Aniraz & I are planning a trip back to the US for the first time in four years. We also have to get the camp book together. We also have to buy gifts & clothes. We also have to figure out who we’re staying with and for how long. I’m sure I’m forgetting something…. Ah yes, my pile of unanswered email is getting deeper and staler. I received an offer for a job that I’m not sure I want to take, and it’s been a week since that email arrived. I have started and not finished four different blog layouts for four different people, all of whom have been waiting entirely too long. And plus, the dishes are dirty.
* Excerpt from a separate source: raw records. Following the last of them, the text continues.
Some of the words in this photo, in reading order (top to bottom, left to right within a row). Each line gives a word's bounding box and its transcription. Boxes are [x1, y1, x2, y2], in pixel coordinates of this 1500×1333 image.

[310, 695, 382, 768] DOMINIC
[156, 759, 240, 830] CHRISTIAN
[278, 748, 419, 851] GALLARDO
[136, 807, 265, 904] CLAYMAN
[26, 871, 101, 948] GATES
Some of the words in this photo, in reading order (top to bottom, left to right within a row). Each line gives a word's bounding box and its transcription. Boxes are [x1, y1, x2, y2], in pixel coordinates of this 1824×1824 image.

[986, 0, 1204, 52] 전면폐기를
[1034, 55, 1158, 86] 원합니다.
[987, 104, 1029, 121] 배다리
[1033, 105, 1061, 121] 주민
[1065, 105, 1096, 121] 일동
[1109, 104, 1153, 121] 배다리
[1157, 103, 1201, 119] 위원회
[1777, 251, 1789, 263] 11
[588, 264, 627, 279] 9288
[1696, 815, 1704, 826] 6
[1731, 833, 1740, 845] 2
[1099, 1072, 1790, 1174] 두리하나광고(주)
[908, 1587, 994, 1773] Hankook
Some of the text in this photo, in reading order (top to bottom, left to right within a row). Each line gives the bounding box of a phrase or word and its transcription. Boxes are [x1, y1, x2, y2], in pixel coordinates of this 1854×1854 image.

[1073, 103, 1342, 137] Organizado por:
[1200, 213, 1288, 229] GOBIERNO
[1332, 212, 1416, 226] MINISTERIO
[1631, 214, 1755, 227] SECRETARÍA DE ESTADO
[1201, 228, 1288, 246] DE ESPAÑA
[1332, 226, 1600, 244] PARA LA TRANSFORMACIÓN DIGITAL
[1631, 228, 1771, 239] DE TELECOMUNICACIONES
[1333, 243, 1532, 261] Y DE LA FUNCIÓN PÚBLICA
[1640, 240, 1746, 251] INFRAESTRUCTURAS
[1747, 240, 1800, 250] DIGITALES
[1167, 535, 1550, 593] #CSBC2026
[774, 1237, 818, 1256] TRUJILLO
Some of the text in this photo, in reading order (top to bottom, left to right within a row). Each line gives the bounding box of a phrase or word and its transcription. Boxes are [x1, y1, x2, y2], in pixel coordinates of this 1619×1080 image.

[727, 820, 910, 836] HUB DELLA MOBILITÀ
Did you ever notice that the more you have to do, the less likely you are to do something? It’s the same way that too many people trying to fit through one doorway become stuck and then no one can get through. That’s how I feel right now. There were too many things trying to get through the door at once, so I closed it. Not that closing the door will make them go away, it will just make them grumble as they stand in line, occasionally looking at their watches and wondering if it looks like rain and whether they’ll get in before it starts.
If only I could get them to stand in line, and then let them in one at a time and deal with them in the order that they came, but no. They all came at the same time and they all demand attention now, they all share the same deadline and they must all be finished before the second week of July.
I’d like to believe that I handle stress well. I still think I do, because I have never lost control of myself or my life, even in stressful situations, but man…I just cannot deal with long to-do lists. I never learned how to juggle, and now I’ve gone and dropped everything on the floor.